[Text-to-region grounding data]
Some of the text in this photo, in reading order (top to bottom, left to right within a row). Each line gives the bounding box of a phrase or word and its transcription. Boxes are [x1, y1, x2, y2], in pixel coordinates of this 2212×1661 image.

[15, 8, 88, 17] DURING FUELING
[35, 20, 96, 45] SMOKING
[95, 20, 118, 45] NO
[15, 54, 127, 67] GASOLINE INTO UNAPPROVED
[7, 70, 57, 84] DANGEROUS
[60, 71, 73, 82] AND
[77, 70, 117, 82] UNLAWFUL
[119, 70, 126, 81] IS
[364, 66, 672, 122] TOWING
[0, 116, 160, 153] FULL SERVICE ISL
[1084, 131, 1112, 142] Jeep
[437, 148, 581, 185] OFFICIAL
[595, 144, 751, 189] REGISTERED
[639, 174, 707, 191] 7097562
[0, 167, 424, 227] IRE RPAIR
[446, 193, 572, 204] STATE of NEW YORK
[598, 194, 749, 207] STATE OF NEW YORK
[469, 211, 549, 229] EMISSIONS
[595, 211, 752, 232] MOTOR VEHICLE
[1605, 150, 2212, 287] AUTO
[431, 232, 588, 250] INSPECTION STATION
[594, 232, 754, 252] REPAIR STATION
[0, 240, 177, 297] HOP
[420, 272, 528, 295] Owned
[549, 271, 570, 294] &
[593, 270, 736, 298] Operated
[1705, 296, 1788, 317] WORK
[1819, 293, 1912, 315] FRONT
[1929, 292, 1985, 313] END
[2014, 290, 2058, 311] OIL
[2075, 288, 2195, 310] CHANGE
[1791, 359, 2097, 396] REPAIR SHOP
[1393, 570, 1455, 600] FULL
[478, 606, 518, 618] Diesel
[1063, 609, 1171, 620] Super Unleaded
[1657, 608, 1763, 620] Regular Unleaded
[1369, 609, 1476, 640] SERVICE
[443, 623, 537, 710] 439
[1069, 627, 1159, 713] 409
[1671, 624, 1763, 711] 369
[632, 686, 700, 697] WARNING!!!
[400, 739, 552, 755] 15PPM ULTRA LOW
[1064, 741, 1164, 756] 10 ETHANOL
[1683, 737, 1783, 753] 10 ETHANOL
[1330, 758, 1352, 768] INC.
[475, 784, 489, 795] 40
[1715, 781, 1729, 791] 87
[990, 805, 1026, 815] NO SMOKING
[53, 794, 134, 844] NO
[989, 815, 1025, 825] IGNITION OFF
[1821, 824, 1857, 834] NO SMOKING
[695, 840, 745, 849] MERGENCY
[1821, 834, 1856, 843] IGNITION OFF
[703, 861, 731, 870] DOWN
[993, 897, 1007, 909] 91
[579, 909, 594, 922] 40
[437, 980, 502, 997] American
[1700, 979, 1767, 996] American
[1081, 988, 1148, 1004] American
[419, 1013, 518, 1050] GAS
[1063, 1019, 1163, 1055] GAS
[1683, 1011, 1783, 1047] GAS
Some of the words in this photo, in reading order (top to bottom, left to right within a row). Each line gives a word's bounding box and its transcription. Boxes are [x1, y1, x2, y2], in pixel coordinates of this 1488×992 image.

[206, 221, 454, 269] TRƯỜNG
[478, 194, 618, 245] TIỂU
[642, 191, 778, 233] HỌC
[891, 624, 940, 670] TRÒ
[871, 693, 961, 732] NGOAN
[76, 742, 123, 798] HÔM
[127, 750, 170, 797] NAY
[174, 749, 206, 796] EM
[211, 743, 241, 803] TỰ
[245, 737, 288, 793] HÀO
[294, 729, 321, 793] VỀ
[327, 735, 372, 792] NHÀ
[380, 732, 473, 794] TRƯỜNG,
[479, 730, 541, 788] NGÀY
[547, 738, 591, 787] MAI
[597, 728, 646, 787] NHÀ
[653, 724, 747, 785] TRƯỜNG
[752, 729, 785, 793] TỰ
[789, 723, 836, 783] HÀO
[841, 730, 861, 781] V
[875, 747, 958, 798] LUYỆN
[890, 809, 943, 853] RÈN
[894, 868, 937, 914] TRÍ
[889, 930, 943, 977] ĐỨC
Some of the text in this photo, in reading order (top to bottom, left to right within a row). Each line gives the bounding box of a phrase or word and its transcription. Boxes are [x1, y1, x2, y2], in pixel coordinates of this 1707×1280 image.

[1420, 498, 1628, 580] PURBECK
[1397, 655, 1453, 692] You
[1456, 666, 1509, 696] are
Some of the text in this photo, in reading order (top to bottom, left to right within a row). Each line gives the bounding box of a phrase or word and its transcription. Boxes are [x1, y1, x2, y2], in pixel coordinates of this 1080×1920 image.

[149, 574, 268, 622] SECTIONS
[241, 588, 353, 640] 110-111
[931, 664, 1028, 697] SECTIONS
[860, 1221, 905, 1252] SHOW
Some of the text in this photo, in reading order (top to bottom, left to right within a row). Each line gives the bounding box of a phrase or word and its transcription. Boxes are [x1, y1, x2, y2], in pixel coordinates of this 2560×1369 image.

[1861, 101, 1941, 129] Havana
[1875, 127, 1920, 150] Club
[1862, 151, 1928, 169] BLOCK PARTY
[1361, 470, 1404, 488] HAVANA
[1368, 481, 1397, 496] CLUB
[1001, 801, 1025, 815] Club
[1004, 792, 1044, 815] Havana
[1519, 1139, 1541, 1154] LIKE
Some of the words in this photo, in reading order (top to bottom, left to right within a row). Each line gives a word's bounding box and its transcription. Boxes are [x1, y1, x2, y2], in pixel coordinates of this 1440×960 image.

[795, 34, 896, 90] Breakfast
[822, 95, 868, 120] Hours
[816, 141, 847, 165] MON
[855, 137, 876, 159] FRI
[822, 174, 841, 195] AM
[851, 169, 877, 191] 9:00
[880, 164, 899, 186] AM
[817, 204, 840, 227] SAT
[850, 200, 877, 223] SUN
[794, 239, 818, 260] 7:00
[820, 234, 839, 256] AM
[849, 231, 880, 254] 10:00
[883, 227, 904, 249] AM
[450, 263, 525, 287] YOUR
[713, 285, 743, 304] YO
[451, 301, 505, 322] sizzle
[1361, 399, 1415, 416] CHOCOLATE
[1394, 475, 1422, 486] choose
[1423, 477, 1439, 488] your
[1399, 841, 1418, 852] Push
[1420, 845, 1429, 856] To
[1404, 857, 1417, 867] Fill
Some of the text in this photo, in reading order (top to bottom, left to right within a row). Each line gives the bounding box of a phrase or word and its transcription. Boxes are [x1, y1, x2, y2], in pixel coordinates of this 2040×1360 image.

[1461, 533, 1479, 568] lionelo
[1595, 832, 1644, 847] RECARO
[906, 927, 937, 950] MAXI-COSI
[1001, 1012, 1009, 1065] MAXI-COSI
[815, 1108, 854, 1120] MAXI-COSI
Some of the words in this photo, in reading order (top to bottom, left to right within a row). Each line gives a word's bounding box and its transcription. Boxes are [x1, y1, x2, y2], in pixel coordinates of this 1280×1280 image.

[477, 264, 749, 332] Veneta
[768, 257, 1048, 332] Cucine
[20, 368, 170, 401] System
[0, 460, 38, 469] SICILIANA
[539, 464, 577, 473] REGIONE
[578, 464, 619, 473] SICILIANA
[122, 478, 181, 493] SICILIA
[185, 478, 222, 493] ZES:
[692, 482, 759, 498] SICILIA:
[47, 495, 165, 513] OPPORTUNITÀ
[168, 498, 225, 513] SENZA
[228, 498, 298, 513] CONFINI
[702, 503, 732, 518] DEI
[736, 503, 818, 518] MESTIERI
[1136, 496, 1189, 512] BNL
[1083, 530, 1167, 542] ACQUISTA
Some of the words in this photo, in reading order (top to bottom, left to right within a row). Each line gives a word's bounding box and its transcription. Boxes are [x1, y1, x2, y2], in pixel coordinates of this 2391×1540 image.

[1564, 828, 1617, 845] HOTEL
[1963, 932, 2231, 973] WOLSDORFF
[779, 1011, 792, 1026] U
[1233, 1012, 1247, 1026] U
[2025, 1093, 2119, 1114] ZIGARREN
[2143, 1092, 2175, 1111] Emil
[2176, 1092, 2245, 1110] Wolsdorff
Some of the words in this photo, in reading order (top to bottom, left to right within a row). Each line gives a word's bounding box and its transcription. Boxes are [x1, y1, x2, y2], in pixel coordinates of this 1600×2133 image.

_Problem_
Set down exactly, and only, the lines from the one with "this 2391×1540 image." to the final line of the data.

_Written response_
Some of the words in this photo, in reading order (top to bottom, left to right within a row). Each line gives a word's bounding box and its transcription. Boxes are [x1, y1, x2, y2], in pixel coordinates of this 2391×1540 image.

[1564, 828, 1617, 845] HOTEL
[1963, 932, 2231, 973] WOLSDORFF
[779, 1011, 792, 1026] U
[1233, 1012, 1247, 1026] U
[2025, 1093, 2119, 1114] ZIGARREN
[2143, 1092, 2175, 1111] Emil
[2176, 1092, 2245, 1110] Wolsdorff
Some of the words in this photo, in reading order (top to bottom, left to right within a row). Each line gives a word's bounding box and its transcription. Boxes are [x1, y1, x2, y2], in pixel coordinates of this 1600×2133 image.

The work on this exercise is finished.